While I share your views as to the aristocratic tendencies that take shelter under the Latin-Greek education, I yet believe that respect for royalty in Germany is fostered mainly by the common school, while the universities are decidedly democratic in their influence.

As regards the lack of clearness and order formerly so common in German scientific writers, I beg to call your attention to the many excellent scientific writers that Germany can now point to, when a comparison with other countries is instituted. I believe a somewhat careful investigation would startle those who accept the common dogma that German scientific writers are obscure and deficient in order. Schleiden, the botanist, Carl Vogt, Du Bois-Reymond, Virchow, Haeckel, are only a few of the best-known German scientists who excel in order and clearness, and in the graces of style. No modern literature has scientific works superior in order, clearness, and style, to those of George Forster and Jacob Moleschott, and yet the former excelled, and the latter still excels, in scientific work. In a country like Germany, where so many write, bad writing is apt to be more readily noticed. As for the absence of important generalizations by German scientists, I think this subject should be treated separately. Kepler's grand generalizations were written in Latin; Leibnitz published many of his in French; there are other authors distinguished for important generalizations, who, if they can not compare with Darwin, yet occupy a high rank—for instance, Dr. J. R. Mayer, who first formulated the great law of heat-equivalents, and hence of the conservation of force.

I should be glad to find that your sense of justice is strong enough to make the corrections your statements and the extract require.

C. A. E.
Iowa City, December 26, 1883.

Our sense of justice is perhaps not very strong, but it is put to no strain by publishing the foregoing. We referred to the "Bismarckian régime" only as a name for the present phase of the administration of the German Government, and our argument could not depend upon any man's personal views, because it rested upon the broad declaration of the university authorities that the ascendency of the classics must be maintained for church and state reasons. It is interesting to know that Bismarck regards Greek as a humbug, but he would probably be the last man to deny that shams may have their political uses.

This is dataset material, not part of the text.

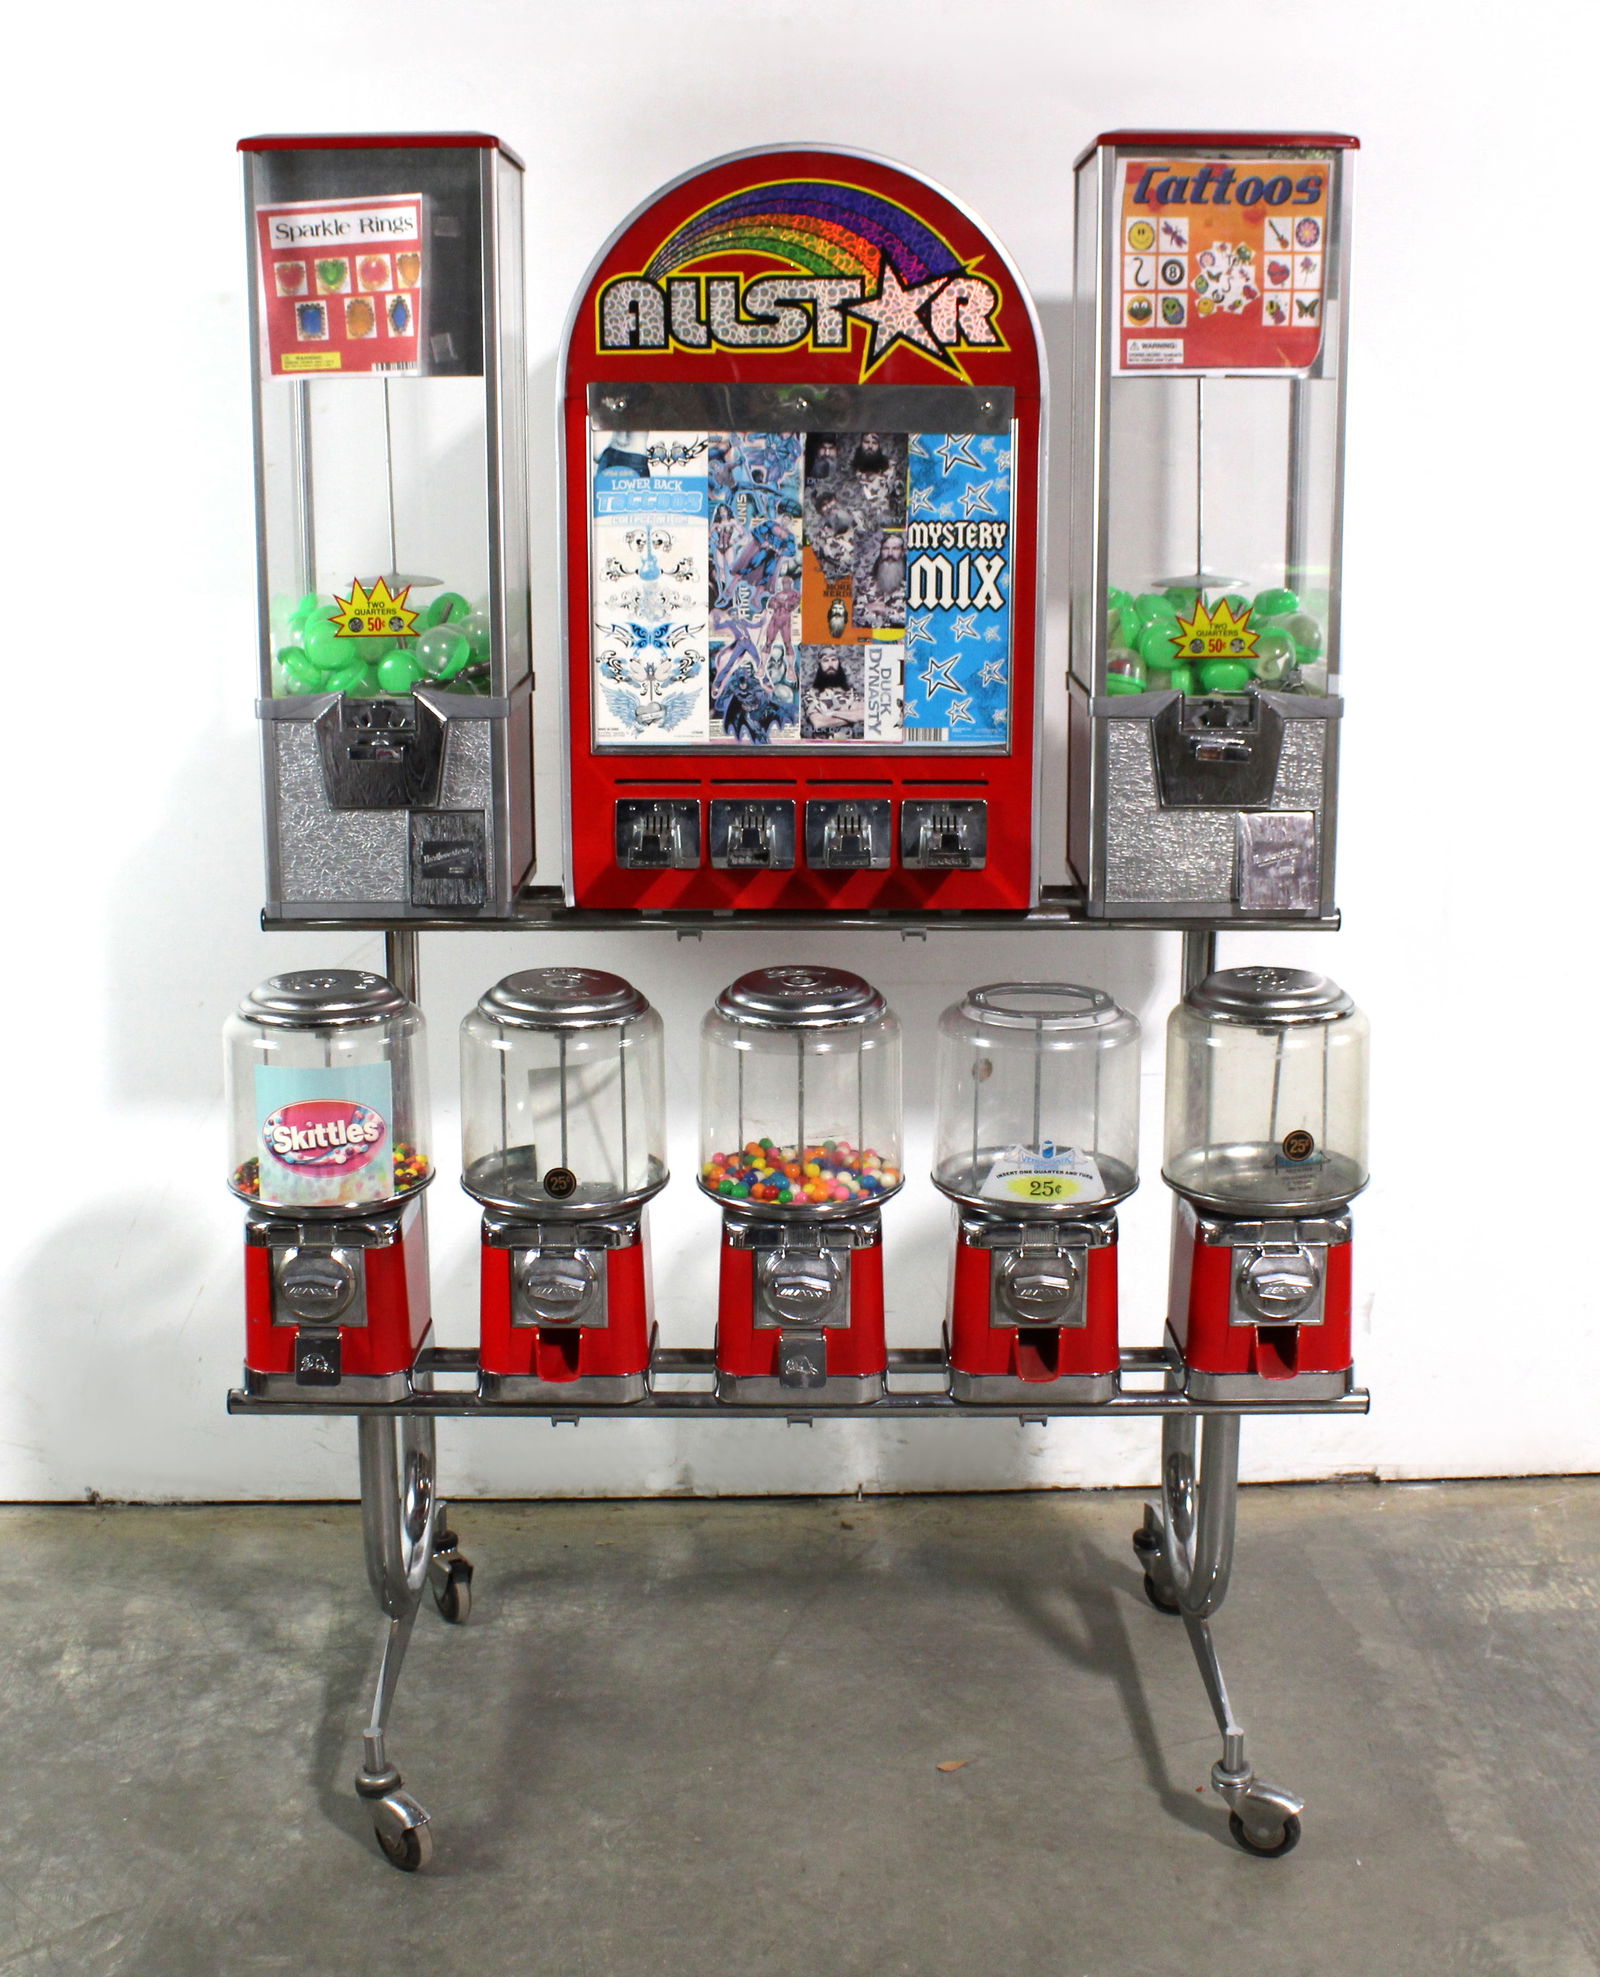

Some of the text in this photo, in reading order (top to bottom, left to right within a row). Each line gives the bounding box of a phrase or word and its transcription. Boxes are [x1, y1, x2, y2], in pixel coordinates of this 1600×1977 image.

The quotation from "Science" was made, not because we approved or considered pertinent all that it said, but because it testified decisively to the neglected condition of the native speech on the part of a people long given over to the worship of classical ideals. Our correspondent recognizes "the lack of clearness and order formerly so common in German scientific writers." He, however, enumerates several recent writers that are not open to this charge. But are not those exceptions to a general practice? and would it not have been somewhat more to the point to inform us whether or not these writers were assiduous cultivators of the classics?—Ed.